If you were to sample this model twice like you described, you’d get back two different posteriors \pi_1 and \pi_2 distributions over parameters, one conditioned on the first subset and a second one conditioned on the second subset. Unfortunately, there isn’t a straightforward to combine these the samples from these two posteriors into samples from a master prior “\pi_3 = \pi_1 + \pi_2”, see here for a discussion.

So no, you can’t parallelize like this. The closest thing I can think of (which doesn’t quite help with parallelization) is that you can theoretically use your posterior \pi_1 over the first subset as your prior over the second subset. In practice you have to do something like a KDE in-between these steps since you don’t actually have \pi_1 but rather samples, which can lead to approximation error. See this notebook for an example. This might help you if you have a massive amount of data (too much to run all at once) and don’t care how long it takes to get the job done, but you have to do this sequentially so this isn’t really a method to get a speedup.

ok, thanks for the quick reply. i would like to ask for some more clarification.

as you can see from the code, what i want to estimate is actually one posterior per channel. at least for mu and std. and i would also be ok with adding the same shape parameter to the nu variable.

so, the question is, whether these posteriors somehow depend on each other. i.e. if i would estimate it for channel 1 and channel 2 separately, would the resulting two posteriors be the same as if i would estimate them together (but still would get two posteriors because of the shape parameter).

i have actually tried this out on real data. and the difference between calculating all at once and calculating them in separate calls is roughly the same as when i just do the “all at once” calculation twice but with different random seeds.

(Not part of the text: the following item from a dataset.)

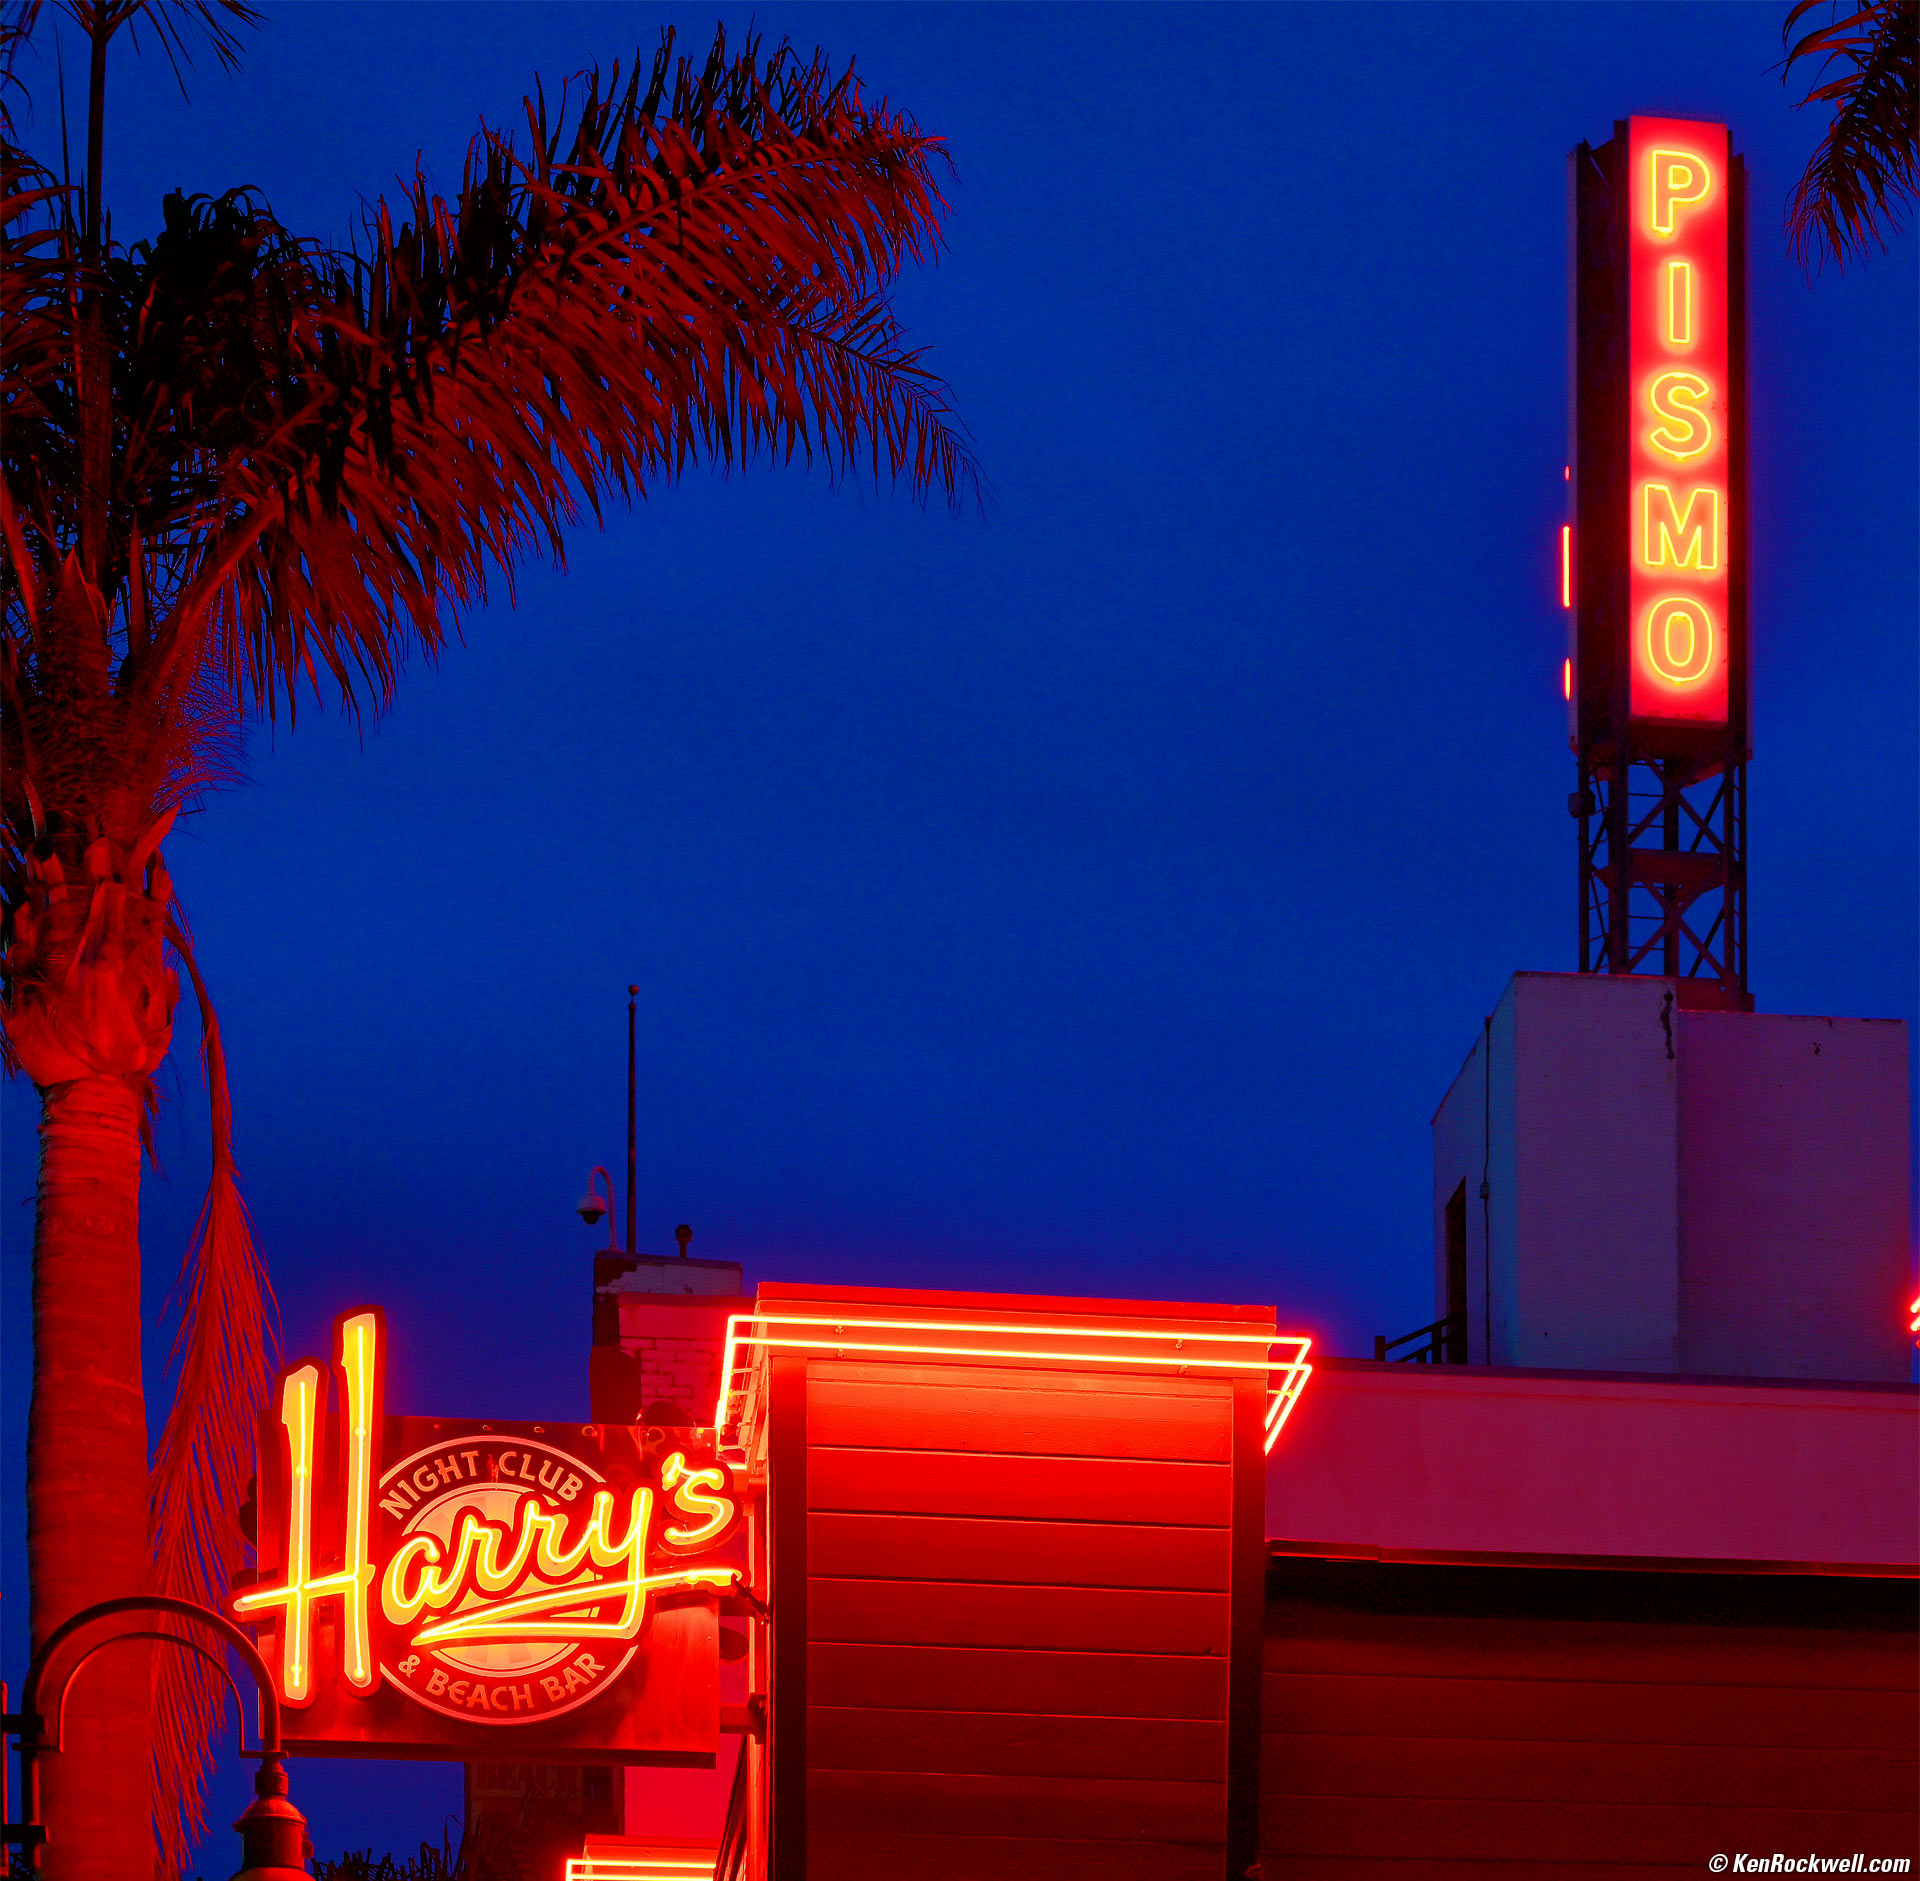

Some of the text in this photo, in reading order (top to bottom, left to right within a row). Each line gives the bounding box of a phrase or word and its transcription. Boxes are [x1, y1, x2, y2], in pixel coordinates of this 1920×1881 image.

[1644, 150, 1718, 684] PISMO
[234, 1313, 742, 1701] Harry's
[379, 1450, 584, 1520] NIGHT CLUB
[398, 1653, 606, 1711] & BEACH BAR

but please bear in mind that i am totally new to this field and i might miss something here. this is why i am asking.

Oh my bad, I see what you’re asking now. Yes, these should be entirely separate as long as nu_mean and nu_min are constants independent of the data. Your model as written is treating the dimensions as independent (i.e. diagonal covariance). The posterior factorizes

\pi(\theta_{1 : n} | c_1, \ldots, c_m, \ldots, c_n) = \pi(\theta_{1:m} | c_1, \ldots, c_m) \cdot \pi(\theta_{m+1:n} | c_{m+1}, \ldots, c_n)

where the c_i are your vectors of channel data and \theta_j = [\mu_{j}, \sigma_{j}]. So sampling \pi(\theta_{1:m} | c_1, \ldots, c_m) and \pi(\theta_{m+1:n} | c_{m+1}, \ldots, c_n) independently and concatenating these arrays along the channel dimension should give you array samples equivalent to those you’d get from sampling \pi(\theta_{1 : n} | c_1, \ldots, c_m, \ldots, c_n) directly (if you used all channels at once).

1 Like

thanks! as i have written in the other thread, i am evaluating the application of PyMC3 for EEG and MEG analysis. Doing it like this would already be a huge leap forward for the community.

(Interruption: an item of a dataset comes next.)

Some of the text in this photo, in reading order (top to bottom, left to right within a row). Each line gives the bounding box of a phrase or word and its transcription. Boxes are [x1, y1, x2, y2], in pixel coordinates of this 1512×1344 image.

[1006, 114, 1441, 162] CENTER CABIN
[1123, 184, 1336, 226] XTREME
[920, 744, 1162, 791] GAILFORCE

However, as you mentioned the covariance matrix being diagonal: This is clearly not the case for our sensors. In fact they are highly correlated. Currently this is, if at all, taken into account indirectly.

So: If I know the noise-covariance matrix of my channels, how would I need to change the above model in order to reflect this?

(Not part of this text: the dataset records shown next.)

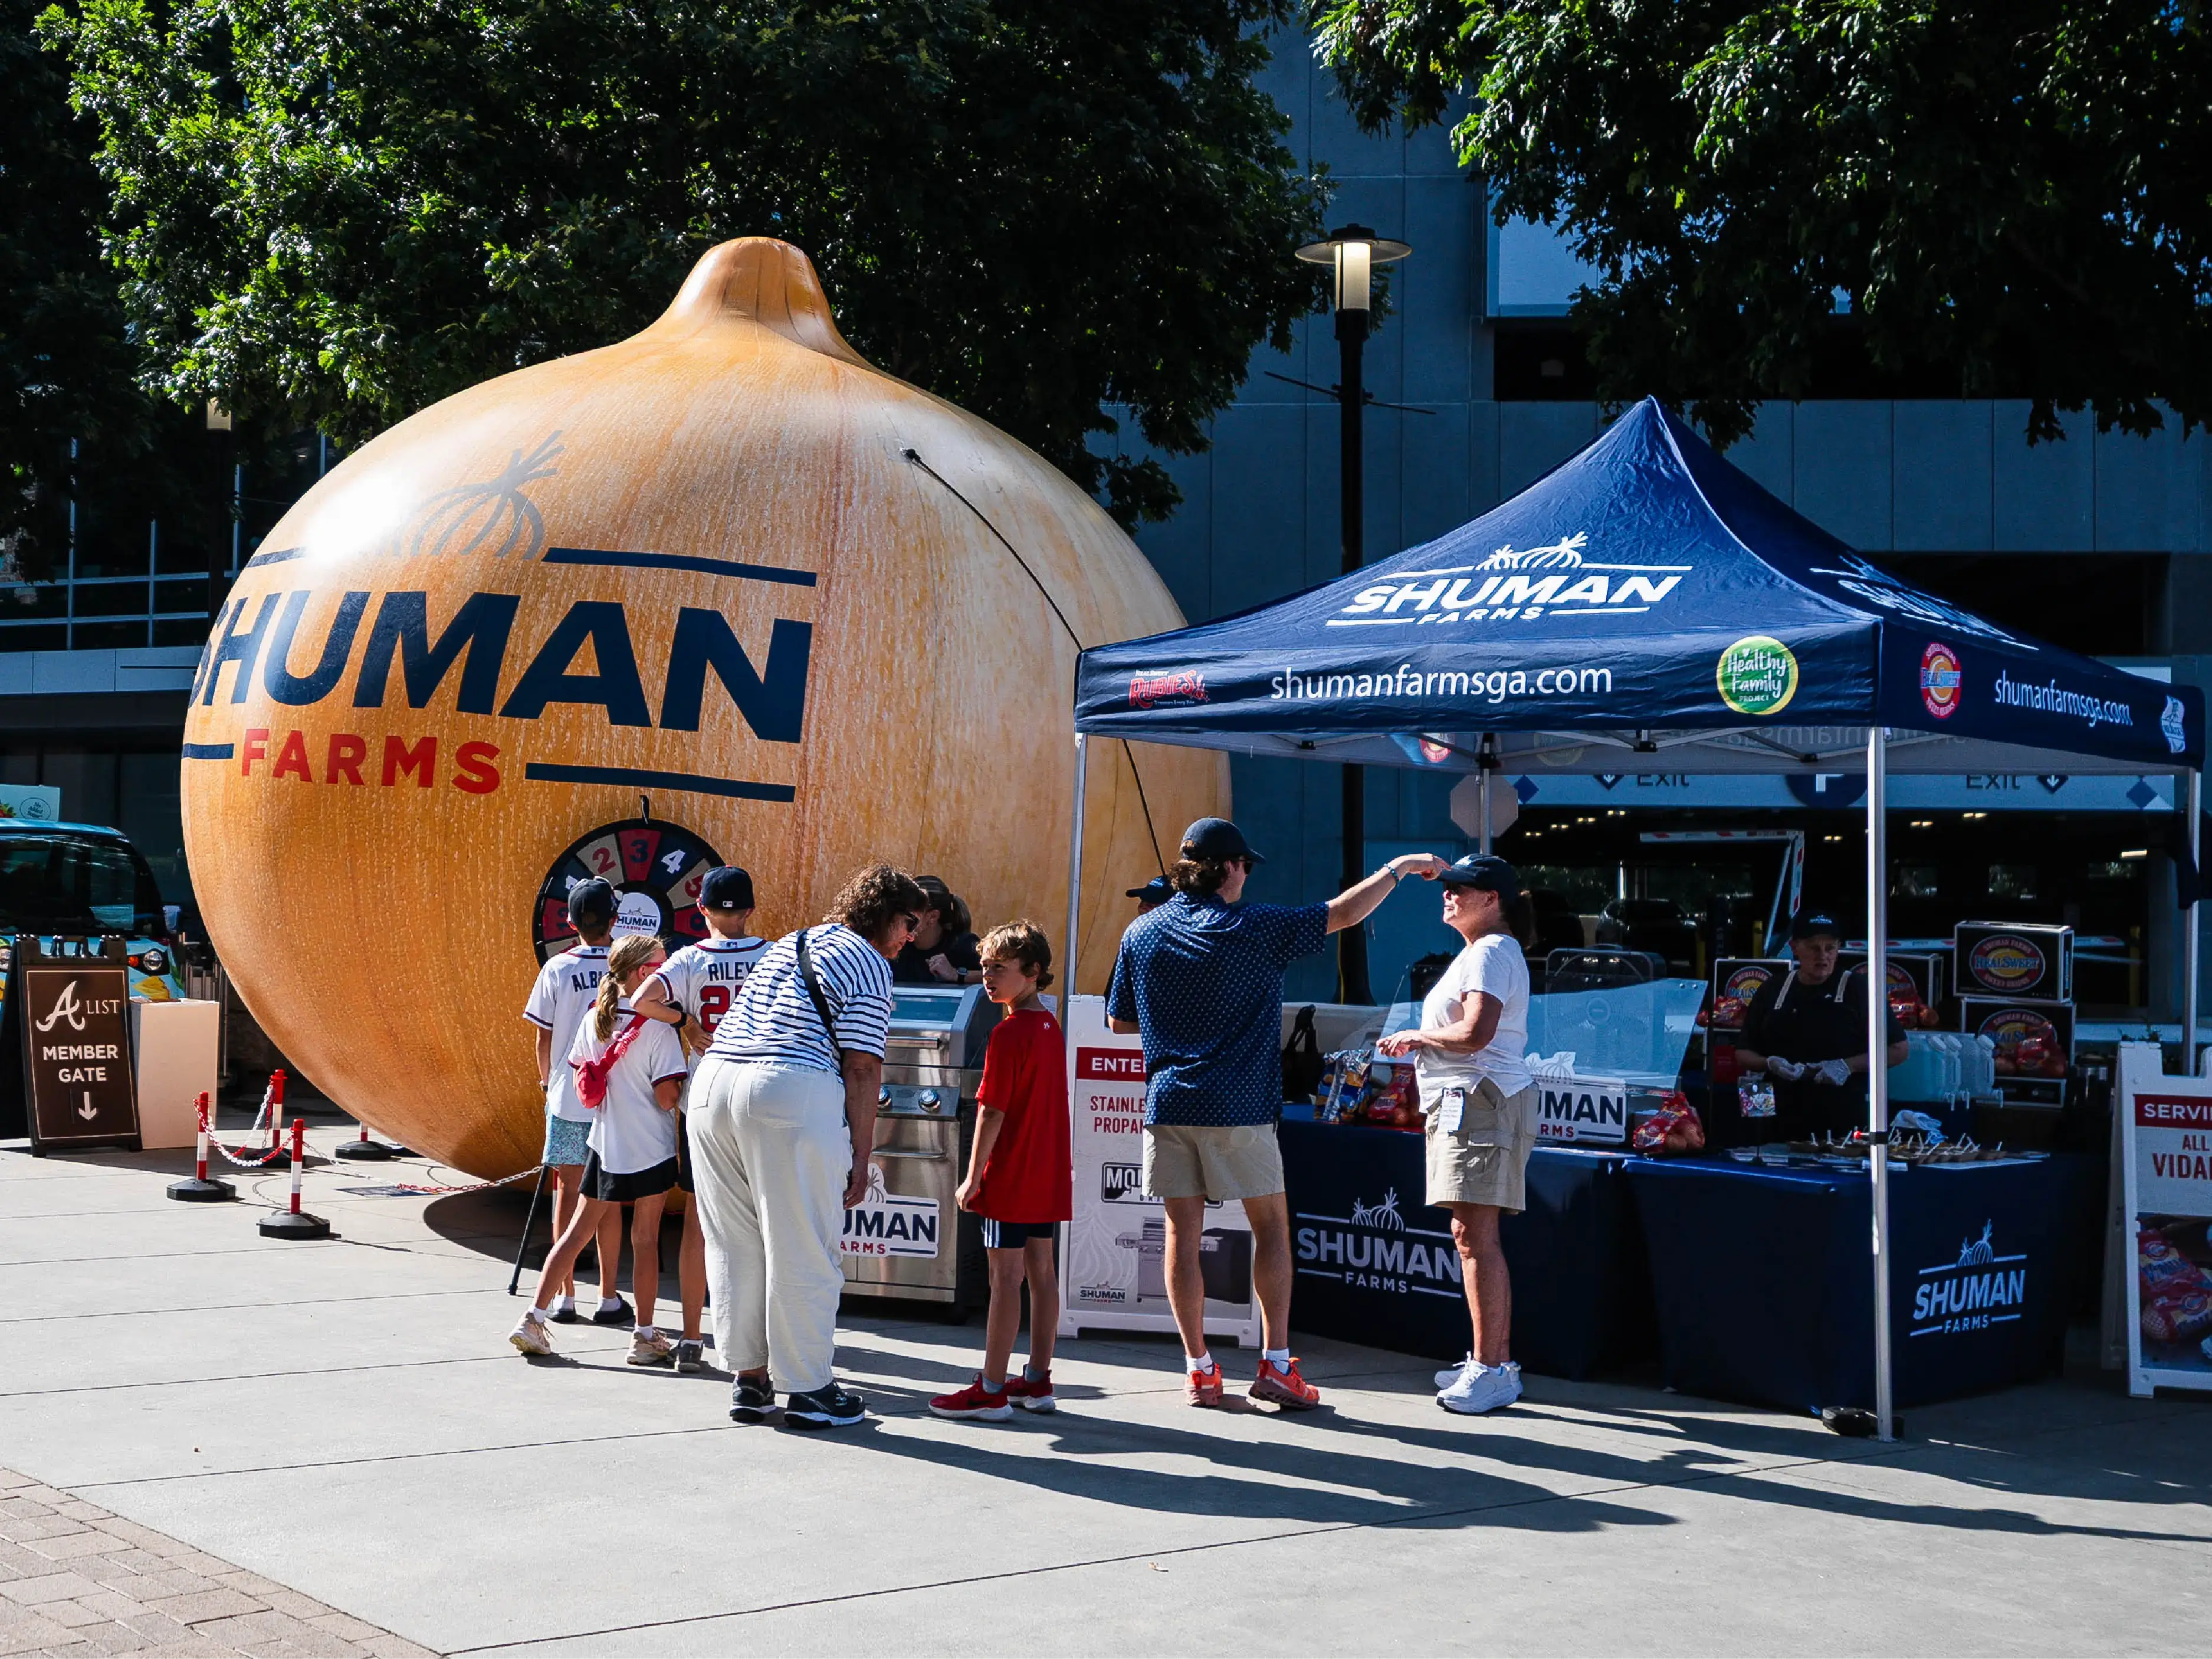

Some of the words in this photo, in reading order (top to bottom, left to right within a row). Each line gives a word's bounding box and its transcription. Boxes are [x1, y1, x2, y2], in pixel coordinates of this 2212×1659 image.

[1341, 575, 1683, 612] SHUMAN
[1416, 606, 1543, 625] FARMS
[1727, 648, 1787, 677] Healthy
[1271, 663, 1612, 704] shumanfarmsga.com
[1732, 670, 1781, 698] Family
[1995, 669, 2133, 727] shumanfarmsga.com
[241, 728, 501, 794] FARMS
[592, 848, 616, 874] 2
[629, 840, 648, 863] 3
[661, 849, 686, 874] 4
[617, 916, 657, 928] HUMAN
[708, 961, 756, 982] RILEY
[37, 980, 85, 1031] A
[86, 999, 120, 1014] LIST
[42, 1044, 119, 1061] MEMBER
[58, 1067, 107, 1083] GATE
[1091, 1057, 1147, 1073] ENTE
[1089, 1095, 1146, 1113] STAINLE
[1538, 1090, 1623, 1126] MAN
[2144, 1103, 2212, 1121] SERVI
[1093, 1116, 1144, 1135] PROPA
[1540, 1123, 1574, 1138] RMS
[2182, 1134, 2210, 1152] ALL
[840, 1240, 885, 1255] ARMS
[1298, 1227, 1461, 1284] SHUMAN
[1345, 1271, 1408, 1294] FARMS
[1080, 1290, 1125, 1300] SHUMAN
[1912, 1269, 2026, 1320] SHUMAN
[1944, 1314, 1989, 1334] FARMS

I am aware that in this case, I would not be able to split the computation anymore…

Assuming you know a priori the exact covariance matrix \Sigma, you would then just need to plug this into a model using a multivariate Student-T distribution. In PyMC3 this is the pm.MvStudentT distribution. I may not have the shapes quite right but your model would look something like:

covariance_matrix = # your fixed covariance matrix
with pm.Model() as model:
    mu = pm.Normal('mu', mu=0, sigma=1, shape=(n_channels,))
    nu = pm.Exponential('nu', 1 / (nu_mean - nu_min)) + nu_min
    likelihood = pm.MvStudentT("modeled", mu=mu, nu=nu, cov=covariance_matrix)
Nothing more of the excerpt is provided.